Responsável por desmate químico de 81 mil hectares em Barão de Melgaço (MT), fazendeiro Claudecy Lemes promoveu bloqueio de rodovias em 2022 e teve contas bloqueadas pelo ministro Alexandre de Moraes; dossiê “Agrogolpistas” mostra sua relação com atos antidemocráticos
Por Bruno Stankevicius Bassi e Tonsk Fialho
Até abril de 2024, Claudecy Oliveira Lemes era mais um latifundiário desconhecido do público brasileiro. O que mudou naquele mês? Ele se tornou alvo da Operação Cordilheira, da Polícia Civil, por destruir uma área de 81,2 mil hectares no Pantanal mato-grossense, no município de Barão de Melgaço, a 109 km de Cuiabá.

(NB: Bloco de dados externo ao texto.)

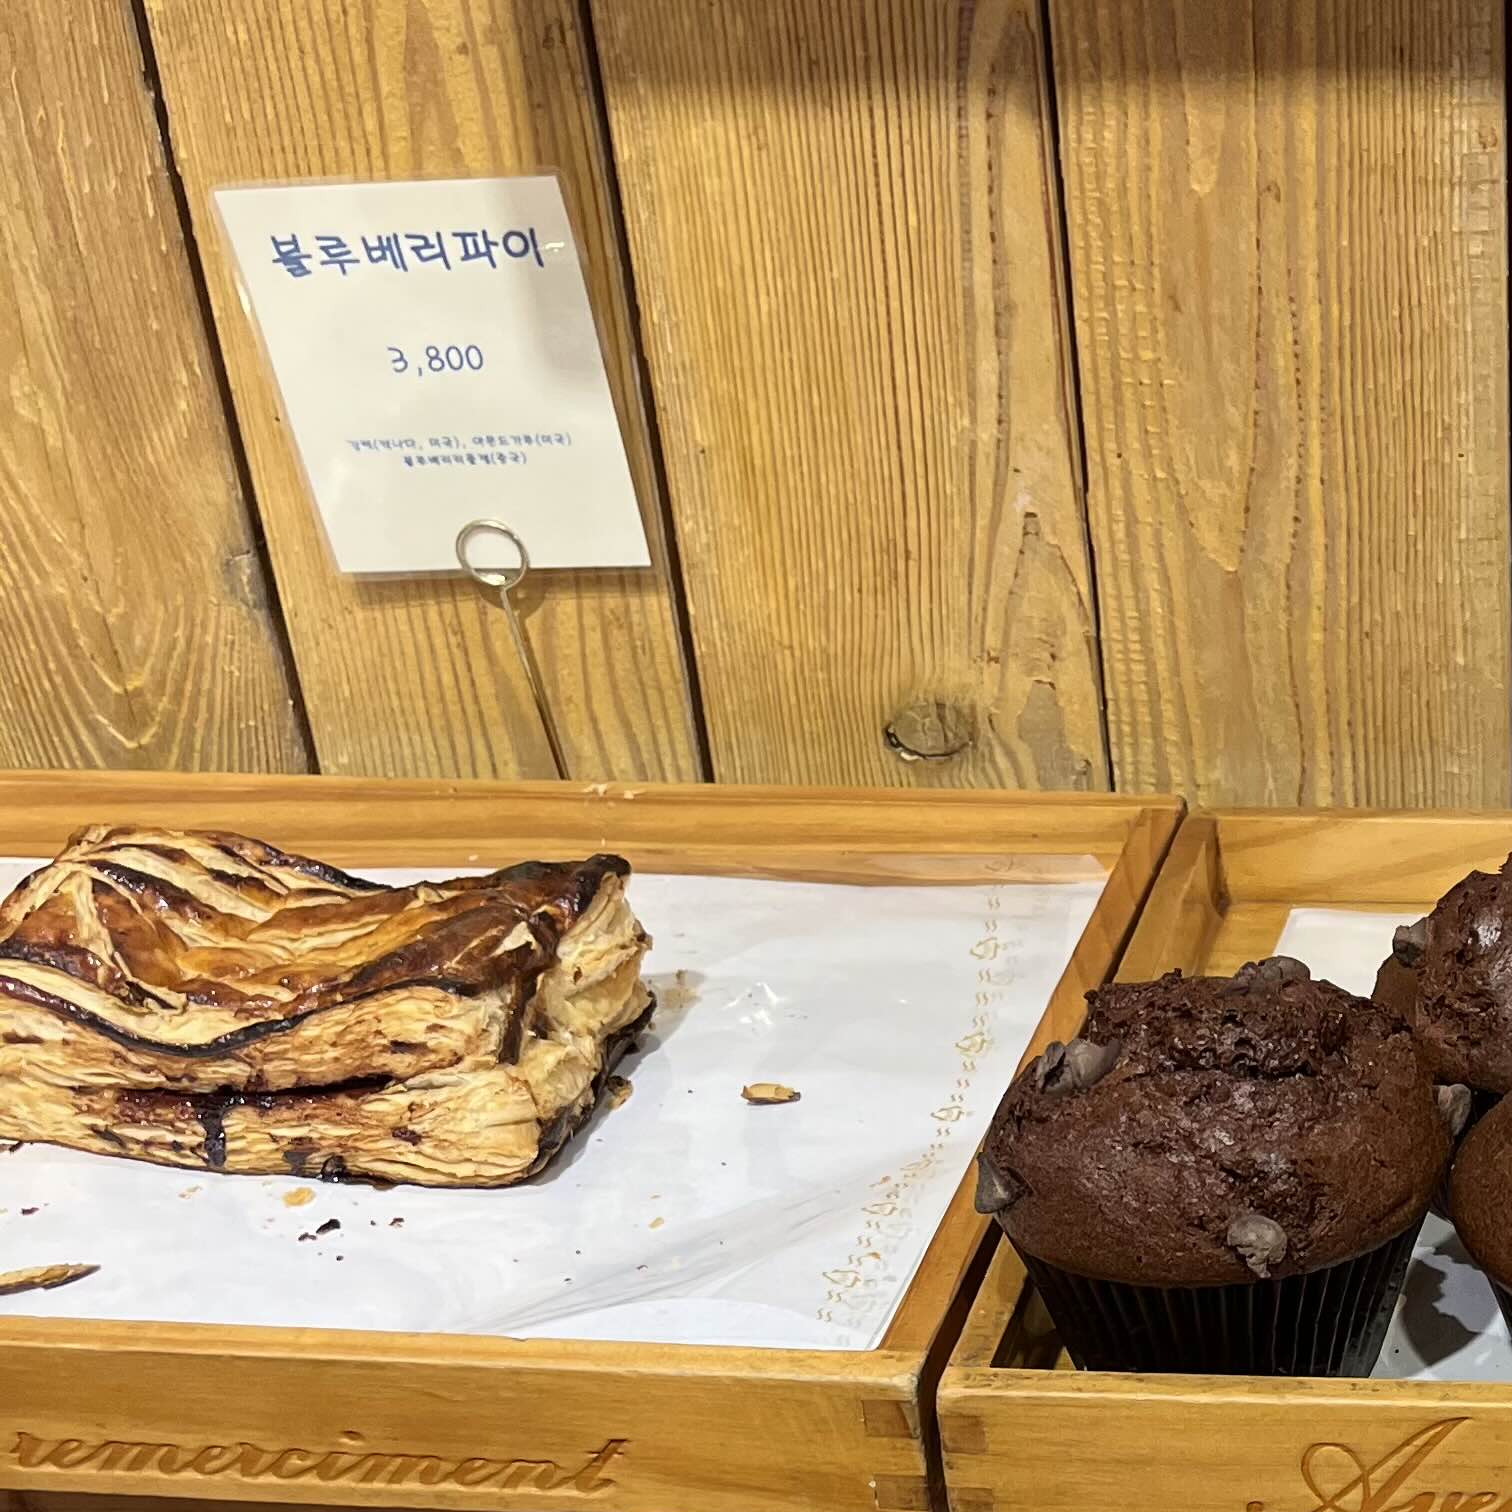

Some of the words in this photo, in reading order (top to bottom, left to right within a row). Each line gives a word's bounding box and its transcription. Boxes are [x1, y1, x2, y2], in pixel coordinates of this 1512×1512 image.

[271, 227, 545, 277] 블루베리파이
[387, 344, 484, 376] 3,800
[10, 1429, 633, 1497] remerciment
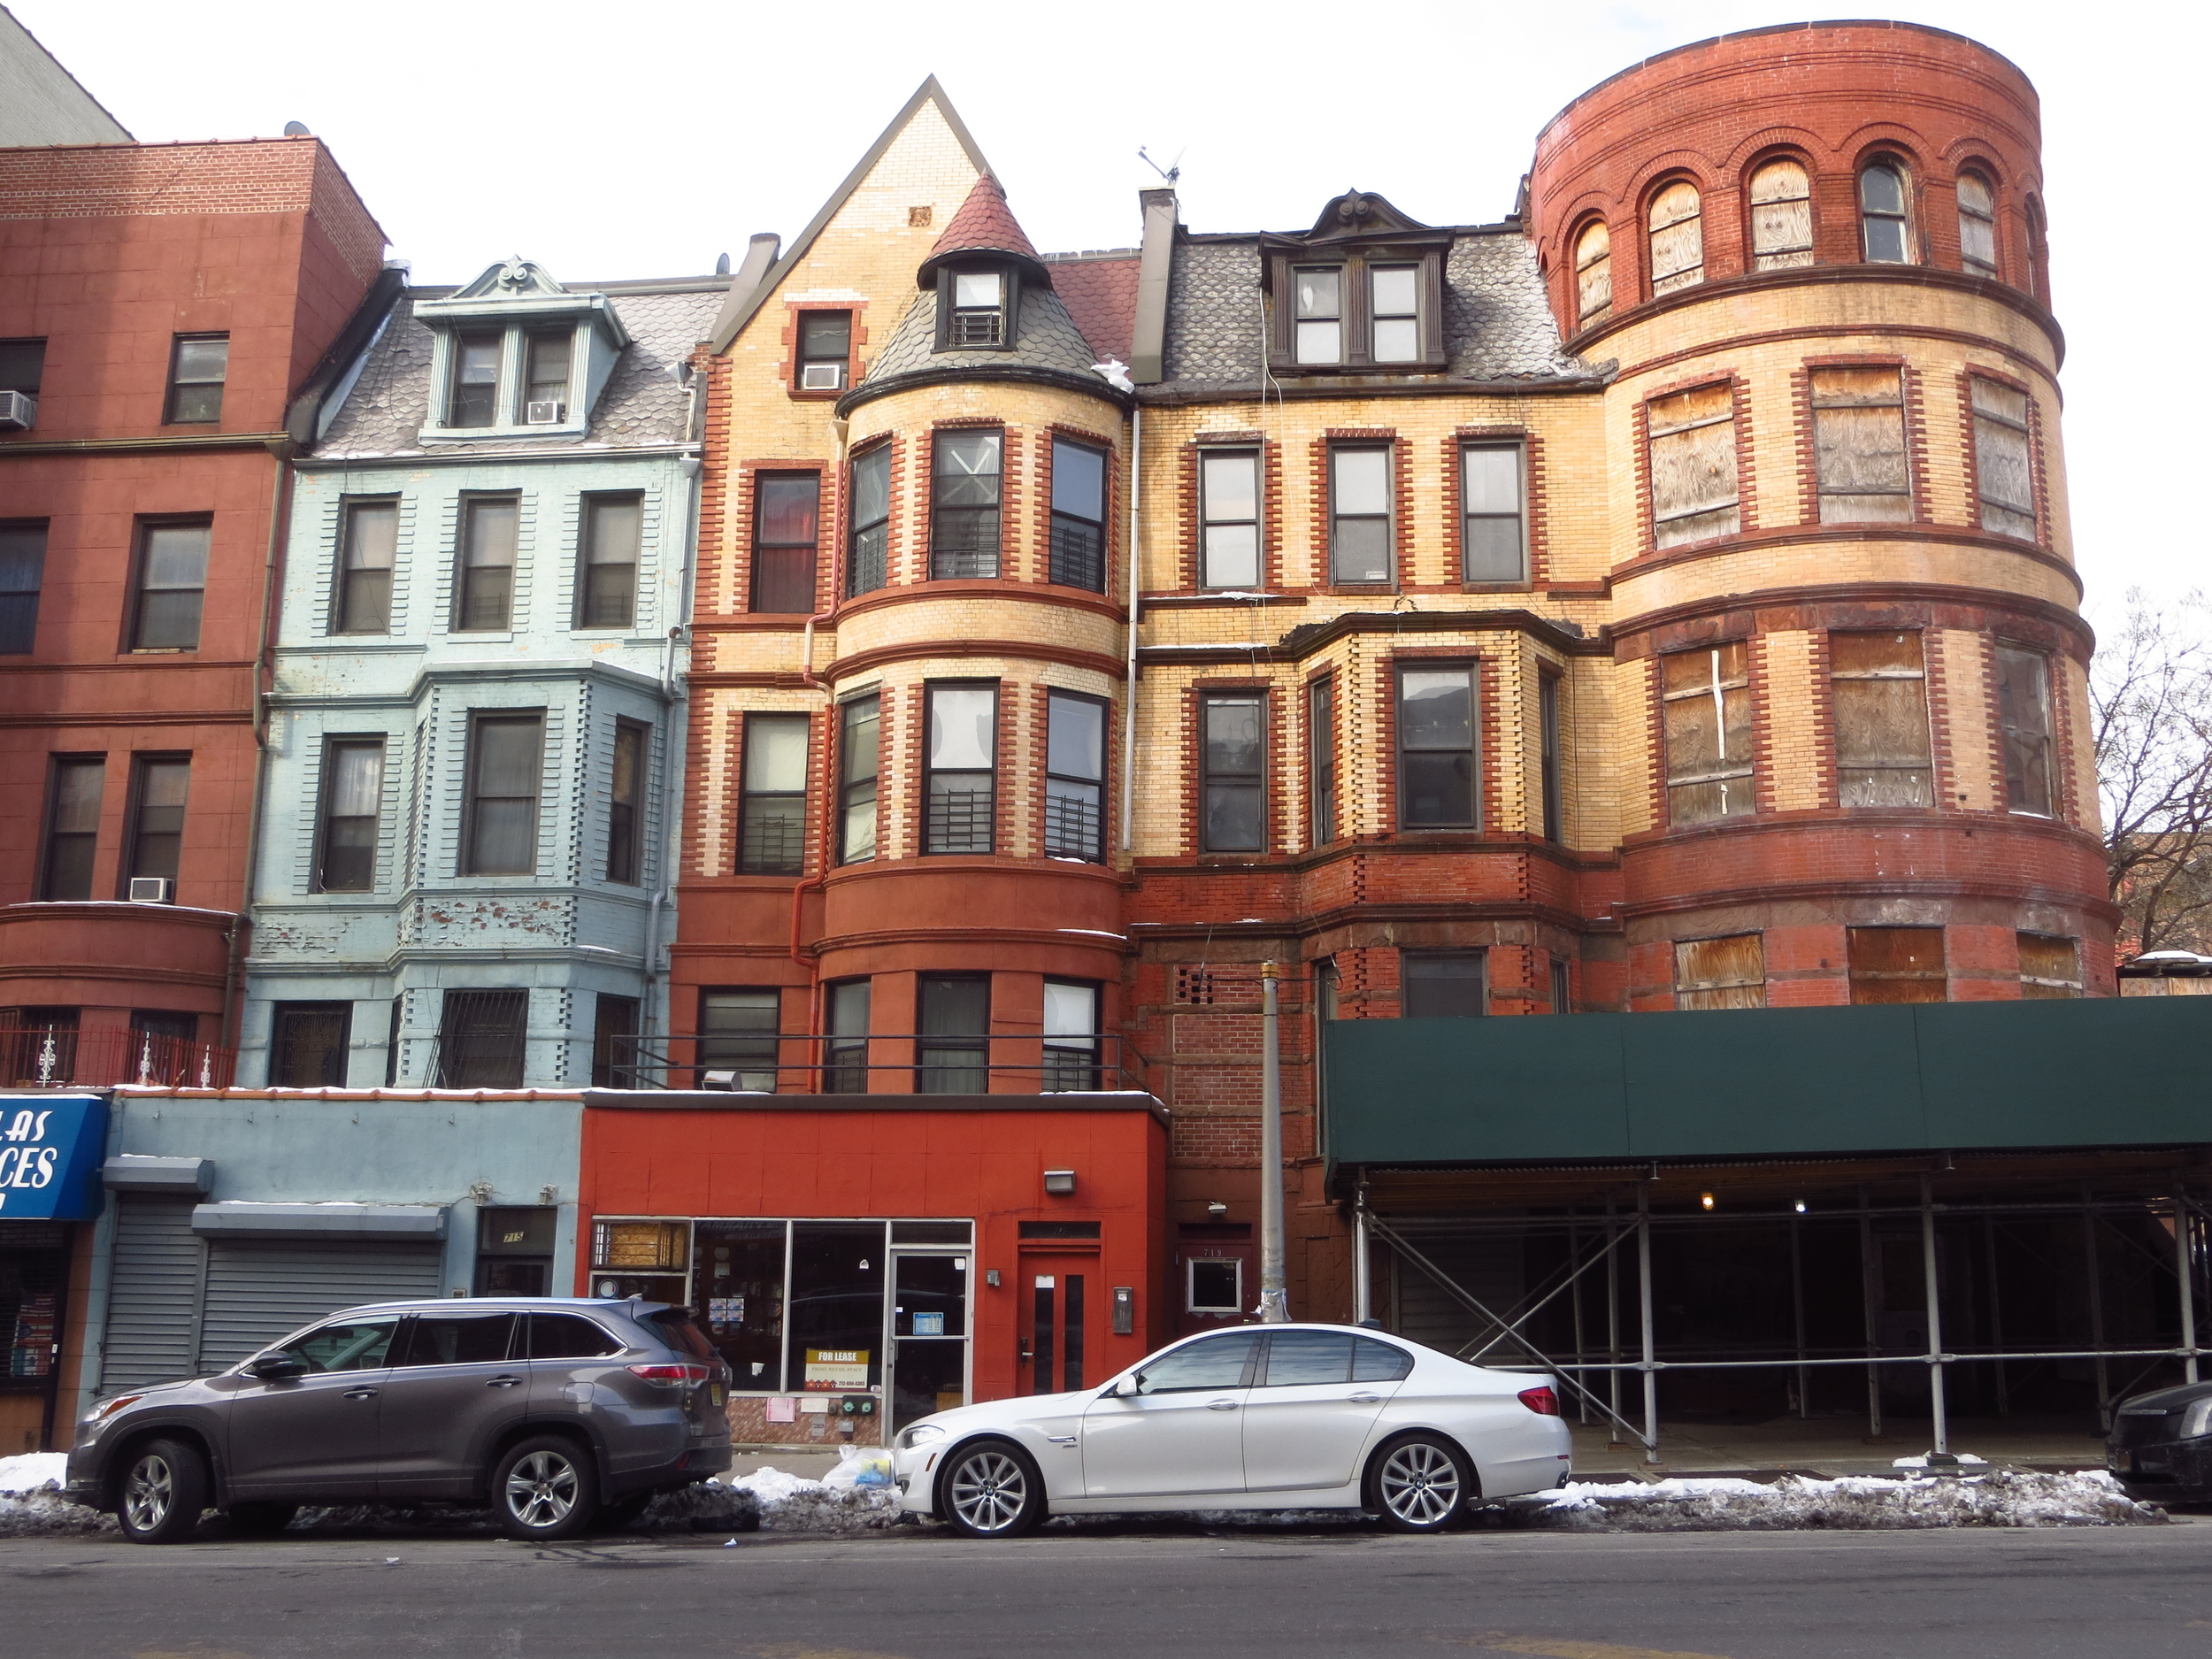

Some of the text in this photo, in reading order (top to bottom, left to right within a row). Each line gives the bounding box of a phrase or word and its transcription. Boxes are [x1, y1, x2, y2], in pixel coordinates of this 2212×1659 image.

[505, 1232, 522, 1242] 715
[818, 1352, 857, 1361] FOR LEASE
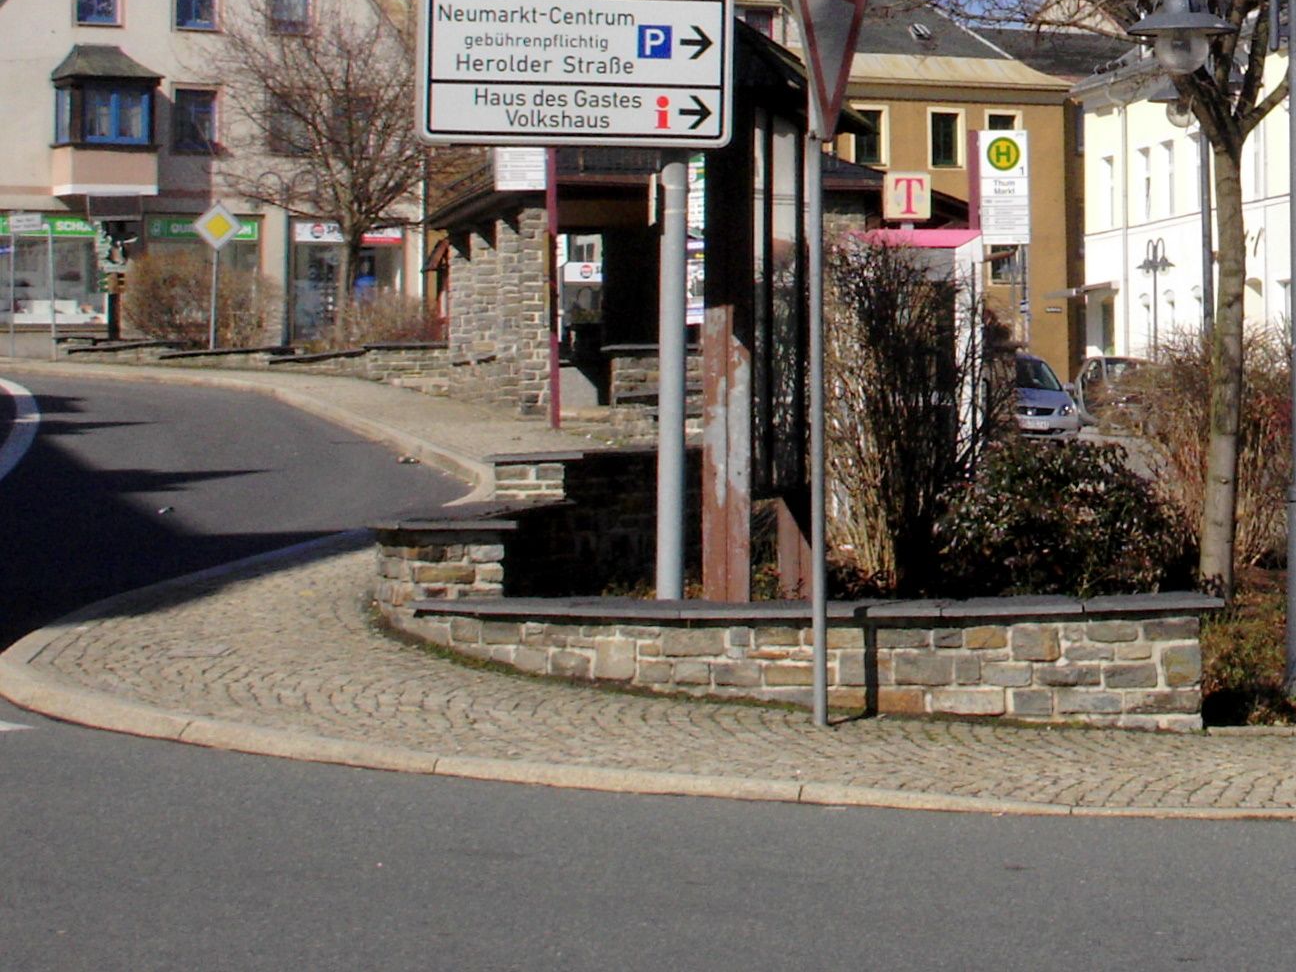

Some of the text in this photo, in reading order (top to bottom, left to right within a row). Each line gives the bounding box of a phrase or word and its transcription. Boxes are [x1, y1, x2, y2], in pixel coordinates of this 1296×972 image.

O caso ganhou repercussão pelo alcance e pelo método: Claudecy aplicou uma mistura de 25 agrotóxicos, incluindo o 2,4-D, um dos componentes do “agente laranja” usado pelos Estados Unidos na Guerra do Vietnã. Segundo os agentes, só a compra dos insumos usados para o desmate químico custou R$ 9,5 milhões. Somando as pulverizações aéreas realizadas entre 2021 e 2023, o fazendeiro gastou R$ 25 milhões.
A investigação levou ao sequestro de bens e à aplicação de multas que, somadas, chegavam a R$ 2,9 bilhões — a maior sanção administrativa já aplicada pela Secretaria de Meio Ambiente de Mato Grosso (Sema). O caso foi noticiado pelo Fantástico, da TV Globo. A Repórter Brasil revelou que Claudecy fornecia gado para frigoríficos da JBS em Barra do Garças e Pedra Preta (MT).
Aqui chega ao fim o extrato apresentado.